Il y a quinze jours, Monsieur, que je suis attaqué d'une fluxion de poitrine.
La chair est faible, l'esprit n'est plus prompt, mais le cœur est tendre; il sent toutes vos bontées. Mille remerciements à vôtre graveur pour son Estampe, que je crois destinée à la Toison d'or. Ce n'est pas que cette Toison soit digne d'une taille douce; mais il en faut aux pièces qu'on ne jouera jamais, comme à celles qu'on joue. Nous traittons de même tous les enfans de Corneille, et les bossus comme les mieux faits.

Il n'est pas juste de vous priver de vos artistes, pour Pertarite, Agesilas, et Surenna; c'est trop abuser de vôtre bonne volonté et de vôtre patience. Qu'ils se réduisent à six Estampes, et qu'ils choisissent.

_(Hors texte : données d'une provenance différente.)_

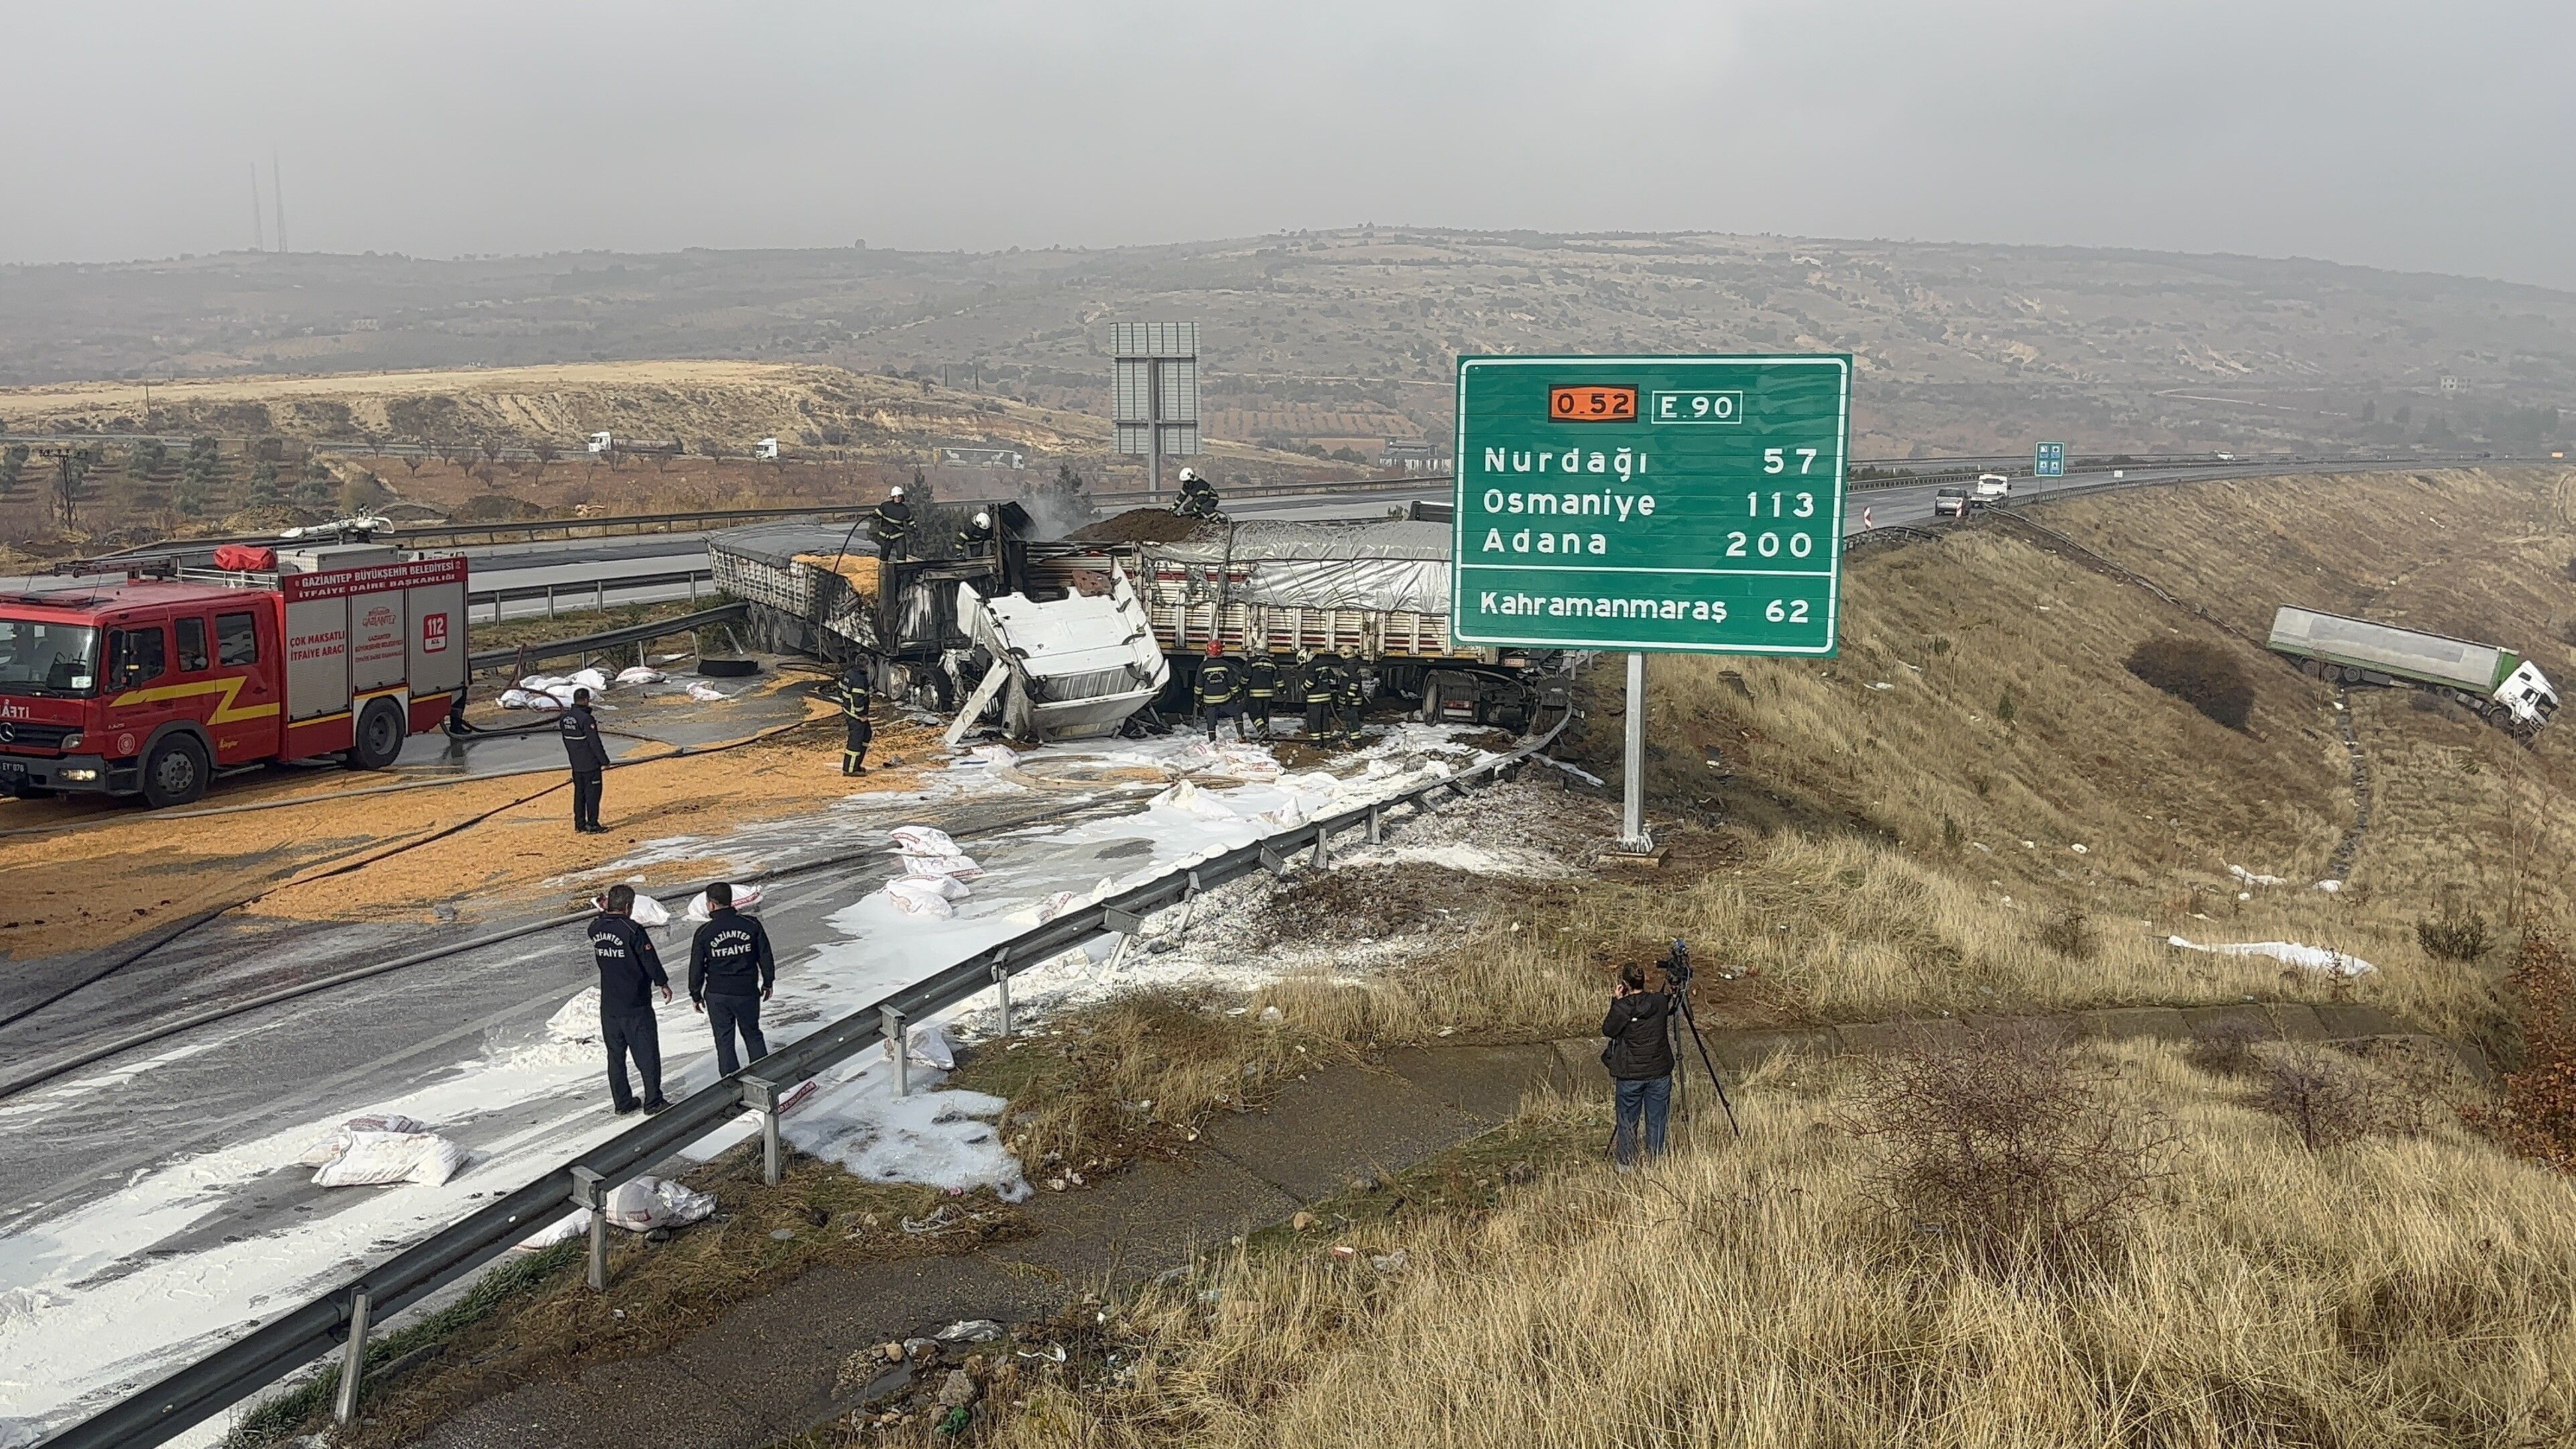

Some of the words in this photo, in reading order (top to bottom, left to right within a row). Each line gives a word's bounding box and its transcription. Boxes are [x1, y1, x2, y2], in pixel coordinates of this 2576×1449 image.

[1660, 396, 1733, 419] E.90
[1485, 447, 1647, 482] Nurdağı
[1764, 449, 1817, 474] 57
[1484, 488, 1656, 522] Osmaniye
[1748, 492, 1814, 518] 113
[1483, 528, 1606, 555] Adana
[1726, 532, 1812, 557] 200
[302, 571, 352, 588] GAZİANTEP
[355, 566, 407, 582] BÜYÜKŞEHİR
[410, 562, 454, 576] BELEDİYESİ
[299, 586, 345, 598] İTFAİYE
[1481, 592, 1727, 623] Kahramanmaraş
[1766, 600, 1809, 623] 62
[427, 616, 444, 636] 112
[290, 637, 307, 648] ÇOK
[308, 631, 345, 644] MAKSATLI
[290, 646, 321, 661] İTFAİYE
[322, 644, 345, 657] ARACI
[592, 931, 623, 947] AZİANTEP
[710, 929, 751, 948] GAZİANTEP
[711, 943, 752, 958] İTFAİYE

Autrement, vous seriez privé un an entier de ceux qui doivent travailler pour vous par préférence; il y aurait à moi une indiscrétion impardonnable de le souffrir.

Lors que j'eus l'honneur de vous écrire sur l'abomination de Toulouse, je vous croyais encor à Paris, et à portée de faire causer Mr de St Pry; cette affaire, ou je suis fort trompé, est un reste de l'esprit des croisades contre les Albigeois.

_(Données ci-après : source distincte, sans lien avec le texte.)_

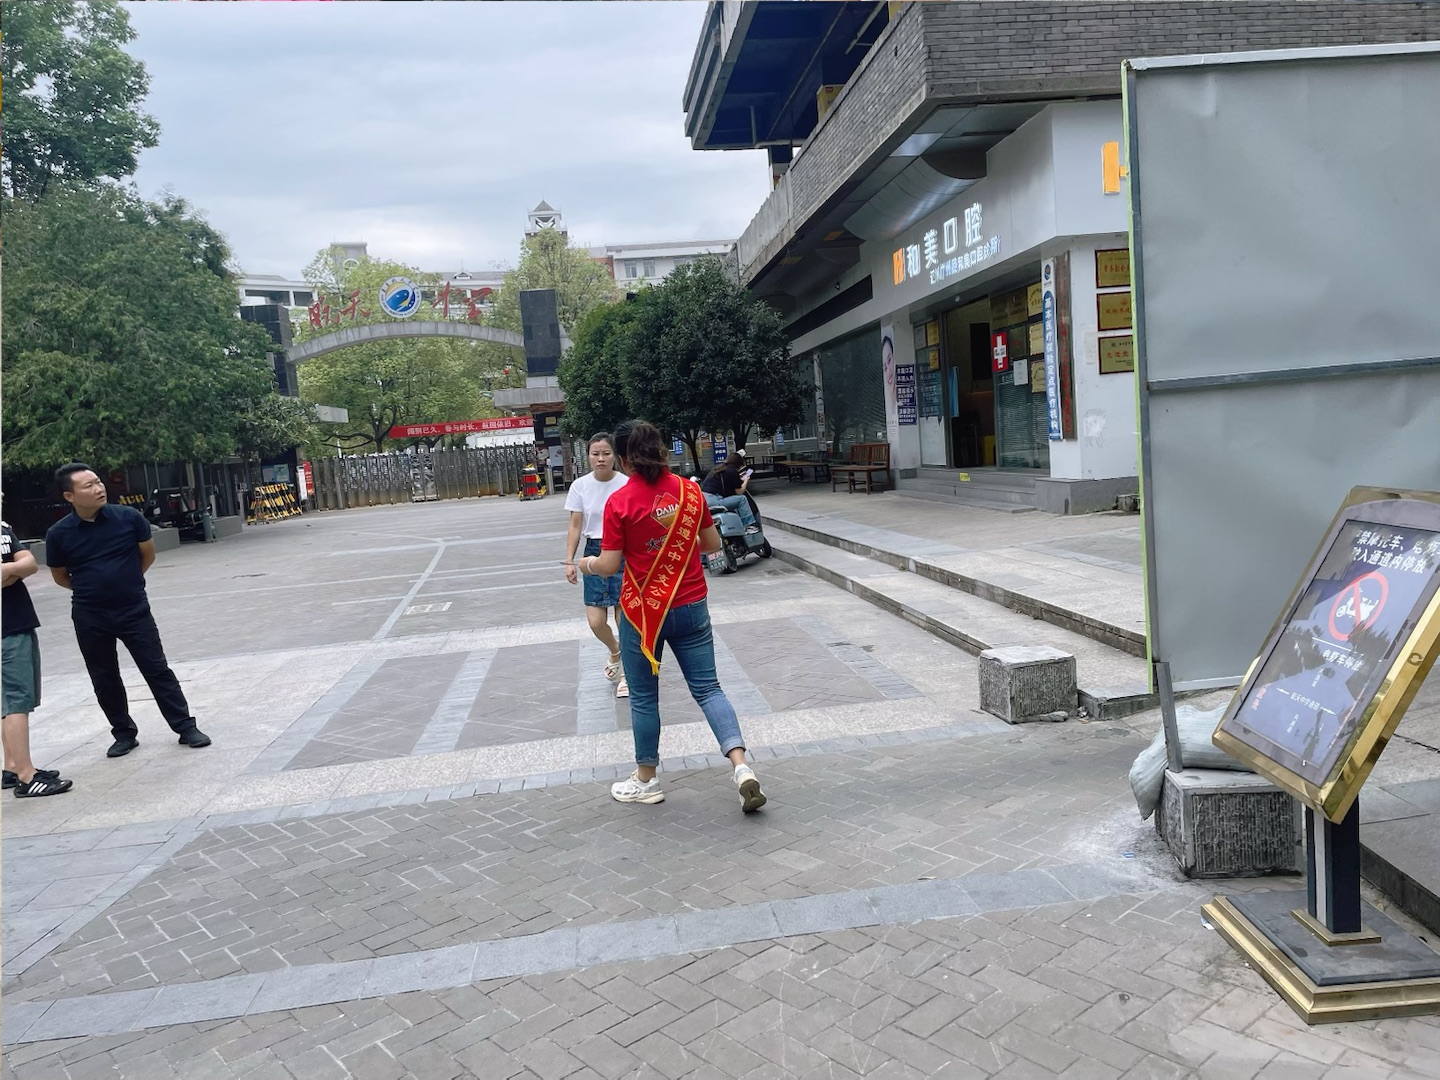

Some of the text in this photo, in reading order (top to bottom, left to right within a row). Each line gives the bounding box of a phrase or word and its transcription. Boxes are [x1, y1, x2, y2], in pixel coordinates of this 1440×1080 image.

[905, 201, 984, 279] 和美口腔
[645, 482, 699, 611] 大家财险遵义中心支公司

Si mon mal de poitrine me joue un mauvais tour, je partirai ayant vu honnêtement d'horreurs dans ce monde. L'avanture des Jésuites pourait être consolante, mais on va être livré aux jansénistes, qui ne valent pas mieux. Je ne sçais quel est le plus grand fléau du fanatisme, de la guerre, de la peste, et de la famine.

Je vous crois un peu empèché avec des têtes échauffées. La chaleur ne va pas trop avec la raison; vous ferez, sans doute, comme Perrin Dandin, qui attendait qu'on fût fatigué et calme. En voilà beaucoup pour un homme qui a la fièvre, mais pas assez pour l'homme qui vous est attaché avec le plus tendre respect.

V.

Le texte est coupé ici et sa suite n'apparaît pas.